The climax is set at a point where Babloo has planned to execute Saheb and succeeds in shooting him and Kanhaiya. Later, Raani has Babloo shot dead, stating that "he can only be a partner in the bedroom, but not as a Saheb." Saheb is slowly recovering as he wins the election. In the end, Raani is shown appointing a new driver for herself, which hints at a sequel.

==Cast==
- Jimmy Sheirgill as Aditya Pratap Singh
- Mahi Gill as Madhavi Devi
- Randeep Hooda as Lalit / Babloo
- Shreya Narayan as Mahua
- Deepal Shaw as Suman
- Rajiv Gupta as MLA Prabhu Tiwari
- Deepraj Rana as Kanhaiya
- Vipin Sharma as Gaindha Singh
- Kanika Dang as Badi Rani, Aditya's mother
- Sonal Joshi as Rukma, Madhavi's maid
- Sitaram Panchal as Sundar
- Rahul Mittra as Chief Minister
- Brijendra Kala as Arms Dealer
- Mukti Mohan as an item dancer (special appearance)

==Production==
The budget of the film was ₹60 million. Its title was inspired by that of Sahib Bibi Aur Ghulam (1962).

==Soundtrack==

===Track list===

| No. | Title | Music | Singer(s) | Length |
|---|---|---|---|---|
| 1. | "Chu Chu Chu" | Sunil Bhatia | Parthiv Gohil | 4:18 |
| 2. | "Jugni" | Jaidev Kumar | Babbu Maan | 5:29 |
| 3. | "Main Ek Bhanwara" | Amit Sial | Shail Hada | 4:33 |
| 4. | "I Love To Love You" | Anuj Garg | Rekha Bhardwaj | 4:45 |
| 5. | "Saheb Bada Hathila" | Ankit Tiwari | Vipin Aneja, Ankit Tiwari | 5:08 |
| 6. | "Ankhian" | Mukhtar Sahota | Arif Lohar | 4:30 |
| 7. | "Raat Mujhe" | Abhishek Ray | Shreya Ghoshal | 3:20 |
| 8. | "Chu Chu Chu (Acoustic)" | Sunil Bhatia | Debojit Saha | 4:18 |

==Reception==
===Critical reception===
Saheb, Biwi Aur Gangster received critical acclaim from top critics. Taran Adarsh from Bollywood Hungama rated it 3.5/5 stars applauding its powerful plot, engaging script, commanding dialogue, and super performances. Nikhat Kazmi from the Times of India gave the film 4/5 stars calling the film a "must watch". Aniruddha Guha from DNA India gave the film 4/5 stars and said, "Saheb Biwi Aur Gangster draws you in from the very start, keeps you hooked throughout, and ends on a high." Guha also applauded the perfect mix of romance, action, and humour in the film. Ayaz Shaikh from Rediff.com commended the film and said "Saheb Biwi Aur Gangster is a gripping tale of intricate politics, love and betrayal", and gave the film 3.5/5 stars.

=== Box office ===
Saheb, Biwi Aur Gangster collected around ₹09.2 million nett on its first day of its release. Saheb, Biwi Aur Gangster remained on the lower side with around ₹35.1 million nett over its first weekend. Saheb, Biwi Aur Gangster remained steady but on the lower side on the weekdays as it grossed ₹55.2 million nett approx in its first week. It is grossed ₹107.5 million at the end of its theatrical run.

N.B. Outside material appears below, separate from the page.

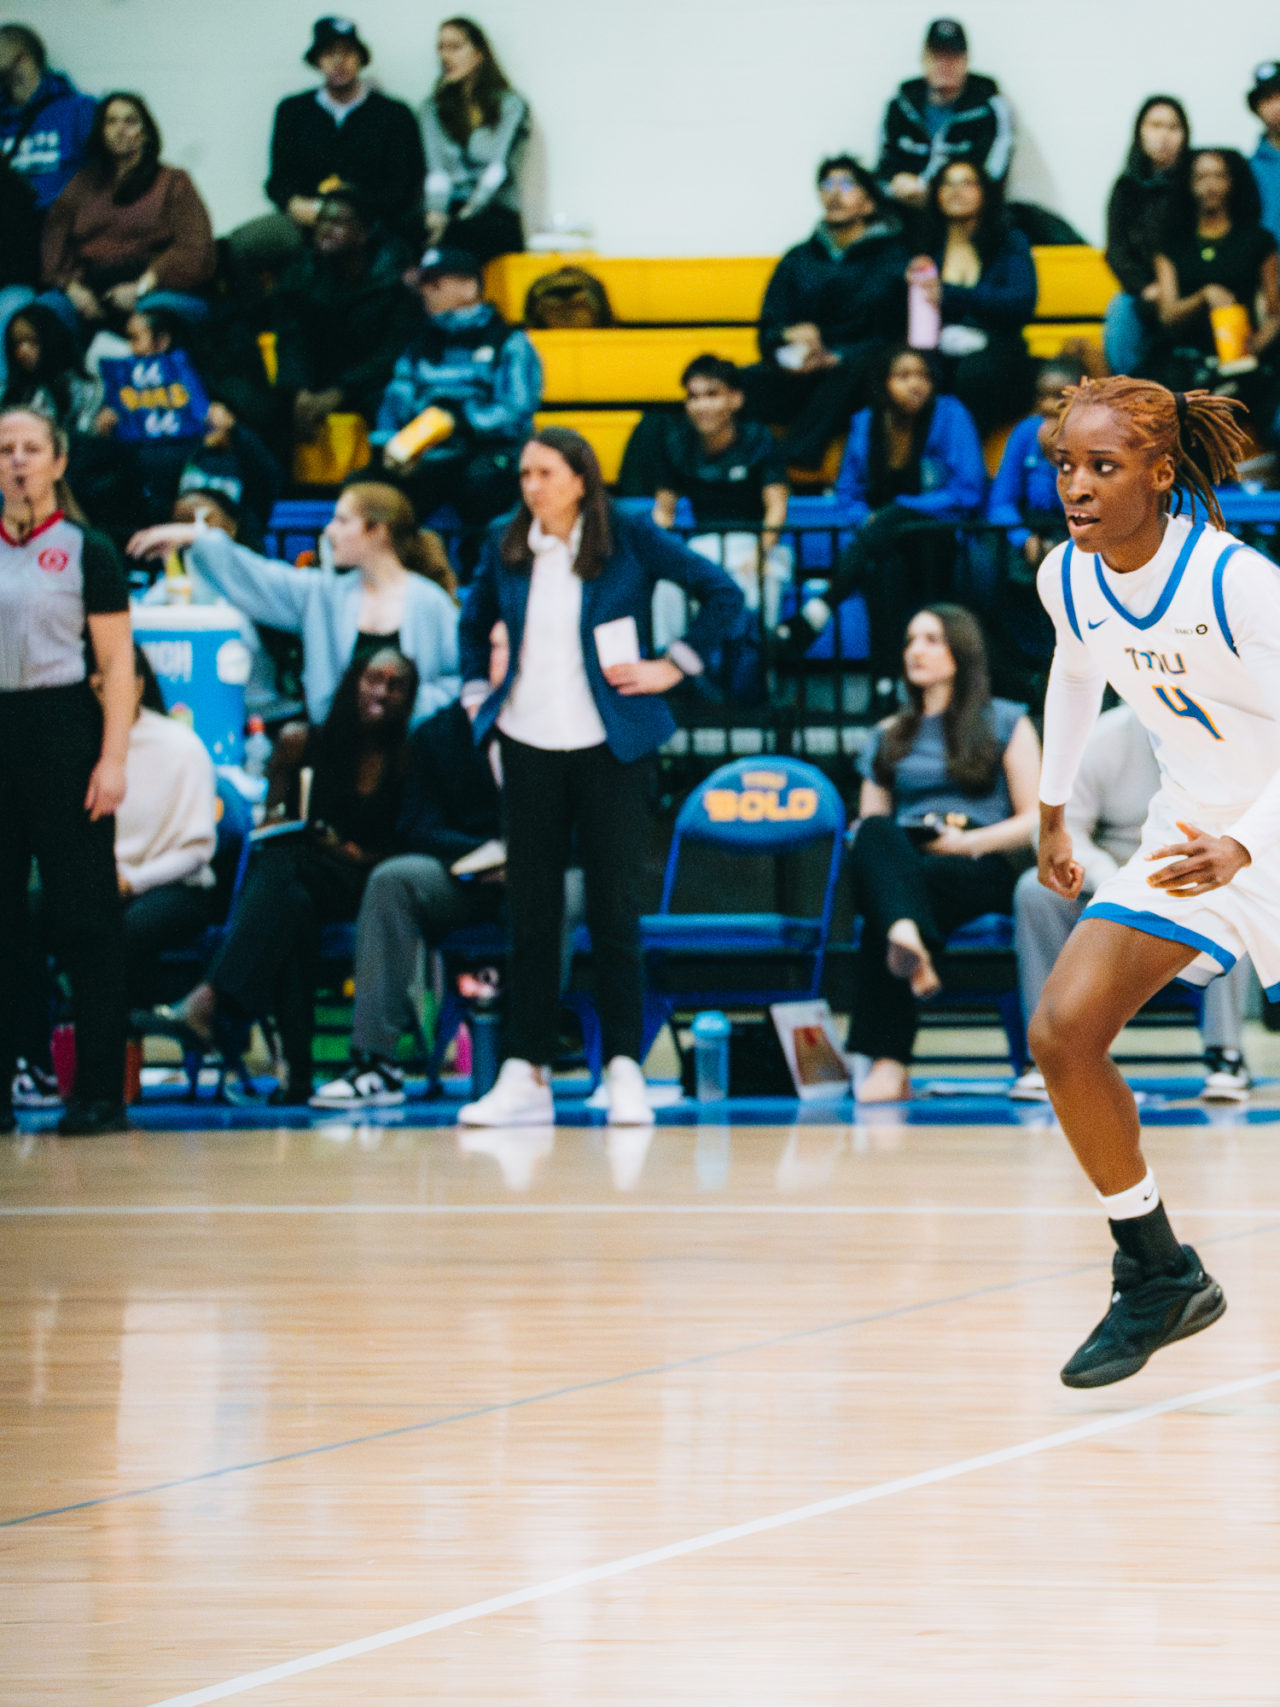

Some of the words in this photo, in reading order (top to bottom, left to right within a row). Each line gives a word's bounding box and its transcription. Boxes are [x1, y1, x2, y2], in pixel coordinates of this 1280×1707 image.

[1124, 647, 1187, 675] TMU
[1151, 684, 1226, 742] 4
[703, 787, 818, 822] BOLD

==Awards and nominations==
Star Screen Awards
- Nominated: Best Actor In A Negative Role (male)—Jimmy Sheirgill
- Nominated: Best Actress In A Negative Role (female)—Mahi Gill

Filmfare Awards
- Nominated: Best Actress—Mahi Gill
- Nominated: Best Screenplay—Tigmanshu Dhulia

Stardust Awards (Stardust Searchlight Awards)
- Won: Best Director—Tigmanshu Dhulia
- Nominated: Best Film—Rahul Mittra
- Nominated: Best Actor—Jimmy Shergill
- Nominated: Best Actress—Mahi Gill

Zee Cine Awards
- Nominated: Best Actor in a Negative Role—Jimmy Shergill

IIFA Awards
- Nominated: Best Actress—Mahi Gill
- Nominated: Best Supporting Actor—Randeep Hooda

Apsara Awards
- Nominated: Best Actress in a Leading Role—Mahi Gill
- Nominated: Best Actor in a Supporting Role—Randeep Hooda
- Nominated: Best Story—Sanjay Chouhan and Tigmanshu Dhulia
- Nominated: Best Editor—Rahul Srivastava

==Sequel==
Following the huge critical success of the film, a sequel was announced. Principal shooting started in April 2012 and was completed in October 2012. The sequel, titled Saheb, Biwi Aur Gangster Returns, was released on 8 March 2013. It starred Jimmy Sheirgill and Mahi Gill, who reprised their roles from the previous film, as well as new additions Irrfan Khan and Soha Ali Khan. Raj Babbar and Mugdha Godse also appeared in the film.

A third sequel, titled Saheb, Biwi Aur Gangster 3, was released on 27 July 2018.